__Exercise instructions__
Once the line containing "this 1600×891 image." is located, output it and every line after it through the end of the records, exactly as written and nothing else.

__Input for this task__
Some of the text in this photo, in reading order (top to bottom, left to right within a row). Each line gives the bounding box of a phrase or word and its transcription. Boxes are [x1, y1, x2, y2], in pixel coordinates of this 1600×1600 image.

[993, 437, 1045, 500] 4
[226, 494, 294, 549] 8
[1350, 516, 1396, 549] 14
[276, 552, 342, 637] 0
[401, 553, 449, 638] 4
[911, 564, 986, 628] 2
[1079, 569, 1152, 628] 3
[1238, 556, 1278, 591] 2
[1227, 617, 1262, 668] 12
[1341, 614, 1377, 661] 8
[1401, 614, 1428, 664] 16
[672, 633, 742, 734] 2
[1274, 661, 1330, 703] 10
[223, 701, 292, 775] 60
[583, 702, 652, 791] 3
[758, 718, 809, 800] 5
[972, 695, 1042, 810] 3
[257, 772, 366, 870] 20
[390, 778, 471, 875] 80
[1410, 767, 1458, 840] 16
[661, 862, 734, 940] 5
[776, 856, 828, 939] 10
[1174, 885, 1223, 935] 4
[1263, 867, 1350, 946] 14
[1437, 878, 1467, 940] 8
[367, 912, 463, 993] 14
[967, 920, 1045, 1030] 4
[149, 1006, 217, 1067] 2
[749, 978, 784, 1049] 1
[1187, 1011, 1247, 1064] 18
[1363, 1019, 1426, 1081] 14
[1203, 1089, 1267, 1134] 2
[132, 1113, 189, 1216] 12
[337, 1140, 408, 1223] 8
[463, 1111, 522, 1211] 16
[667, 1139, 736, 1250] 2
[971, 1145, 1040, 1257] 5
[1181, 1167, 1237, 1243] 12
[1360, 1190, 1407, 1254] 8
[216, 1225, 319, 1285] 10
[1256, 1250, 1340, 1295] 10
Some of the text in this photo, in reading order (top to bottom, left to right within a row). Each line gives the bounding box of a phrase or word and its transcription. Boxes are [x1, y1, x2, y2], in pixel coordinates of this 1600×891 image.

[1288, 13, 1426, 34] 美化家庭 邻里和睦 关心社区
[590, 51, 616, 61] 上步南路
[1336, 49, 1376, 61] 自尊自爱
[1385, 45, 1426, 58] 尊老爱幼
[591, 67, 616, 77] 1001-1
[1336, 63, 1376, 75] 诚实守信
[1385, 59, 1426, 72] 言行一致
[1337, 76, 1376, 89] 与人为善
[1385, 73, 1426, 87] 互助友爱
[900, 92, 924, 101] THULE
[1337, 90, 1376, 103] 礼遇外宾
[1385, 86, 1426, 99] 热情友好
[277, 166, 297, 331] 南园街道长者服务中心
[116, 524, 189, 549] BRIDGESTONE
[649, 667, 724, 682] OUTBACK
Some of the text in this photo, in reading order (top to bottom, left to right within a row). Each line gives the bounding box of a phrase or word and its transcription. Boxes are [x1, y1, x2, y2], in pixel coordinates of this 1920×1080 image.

__Exercise output__
Some of the text in this photo, in reading order (top to bottom, left to right within a row). Each line gives the bounding box of a phrase or word and its transcription. Boxes are [x1, y1, x2, y2], in pixel coordinates of this 1600×891 image.

[1288, 13, 1426, 34] 美化家庭 邻里和睦 关心社区
[590, 51, 616, 61] 上步南路
[1336, 49, 1376, 61] 自尊自爱
[1385, 45, 1426, 58] 尊老爱幼
[591, 67, 616, 77] 1001-1
[1336, 63, 1376, 75] 诚实守信
[1385, 59, 1426, 72] 言行一致
[1337, 76, 1376, 89] 与人为善
[1385, 73, 1426, 87] 互助友爱
[900, 92, 924, 101] THULE
[1337, 90, 1376, 103] 礼遇外宾
[1385, 86, 1426, 99] 热情友好
[277, 166, 297, 331] 南园街道长者服务中心
[116, 524, 189, 549] BRIDGESTONE
[649, 667, 724, 682] OUTBACK
Some of the text in this photo, in reading order (top to bottom, left to right within a row). Each line gives the bounding box of a phrase or word and its transcription. Boxes are [x1, y1, x2, y2], in pixel coordinates of this 1920×1080 image.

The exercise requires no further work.